Each entry needs to be duplicated exactly.

---- Entries provided

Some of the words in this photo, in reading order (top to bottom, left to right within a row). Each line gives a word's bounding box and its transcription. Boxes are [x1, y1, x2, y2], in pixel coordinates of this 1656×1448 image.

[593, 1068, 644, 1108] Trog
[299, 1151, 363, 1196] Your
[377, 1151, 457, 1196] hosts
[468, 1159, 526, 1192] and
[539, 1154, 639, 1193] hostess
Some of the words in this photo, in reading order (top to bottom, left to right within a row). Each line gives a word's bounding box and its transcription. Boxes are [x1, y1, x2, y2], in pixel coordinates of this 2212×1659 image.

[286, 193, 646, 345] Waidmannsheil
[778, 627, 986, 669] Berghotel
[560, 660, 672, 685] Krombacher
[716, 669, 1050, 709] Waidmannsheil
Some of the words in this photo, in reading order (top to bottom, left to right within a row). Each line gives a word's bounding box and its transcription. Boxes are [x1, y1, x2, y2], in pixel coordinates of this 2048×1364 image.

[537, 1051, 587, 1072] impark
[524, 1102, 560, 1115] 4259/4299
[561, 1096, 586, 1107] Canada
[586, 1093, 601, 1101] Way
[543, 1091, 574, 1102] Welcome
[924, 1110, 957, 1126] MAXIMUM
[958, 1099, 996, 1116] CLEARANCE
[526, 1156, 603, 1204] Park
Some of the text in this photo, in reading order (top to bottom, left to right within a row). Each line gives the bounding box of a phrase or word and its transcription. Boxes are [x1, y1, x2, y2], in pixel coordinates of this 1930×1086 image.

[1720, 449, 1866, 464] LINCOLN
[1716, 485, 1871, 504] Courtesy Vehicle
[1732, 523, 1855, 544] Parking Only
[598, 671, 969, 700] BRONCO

--------

### [Answer box]
Some of the words in this photo, in reading order (top to bottom, left to right within a row). Each line gives a word's bounding box and its transcription. Boxes are [x1, y1, x2, y2], in pixel coordinates of this 1656×1448 image.

[593, 1068, 644, 1108] Trog
[299, 1151, 363, 1196] Your
[377, 1151, 457, 1196] hosts
[468, 1159, 526, 1192] and
[539, 1154, 639, 1193] hostess
Some of the words in this photo, in reading order (top to bottom, left to right within a row). Each line gives a word's bounding box and its transcription. Boxes are [x1, y1, x2, y2], in pixel coordinates of this 2212×1659 image.

[286, 193, 646, 345] Waidmannsheil
[778, 627, 986, 669] Berghotel
[560, 660, 672, 685] Krombacher
[716, 669, 1050, 709] Waidmannsheil
Some of the words in this photo, in reading order (top to bottom, left to right within a row). Each line gives a word's bounding box and its transcription. Boxes are [x1, y1, x2, y2], in pixel coordinates of this 2048×1364 image.

[537, 1051, 587, 1072] impark
[524, 1102, 560, 1115] 4259/4299
[561, 1096, 586, 1107] Canada
[586, 1093, 601, 1101] Way
[543, 1091, 574, 1102] Welcome
[924, 1110, 957, 1126] MAXIMUM
[958, 1099, 996, 1116] CLEARANCE
[526, 1156, 603, 1204] Park
Some of the text in this photo, in reading order (top to bottom, left to right within a row). Each line gives the bounding box of a phrase or word and its transcription. Boxes are [x1, y1, x2, y2], in pixel coordinates of this 1930×1086 image.

[1720, 449, 1866, 464] LINCOLN
[1716, 485, 1871, 504] Courtesy Vehicle
[1732, 523, 1855, 544] Parking Only
[598, 671, 969, 700] BRONCO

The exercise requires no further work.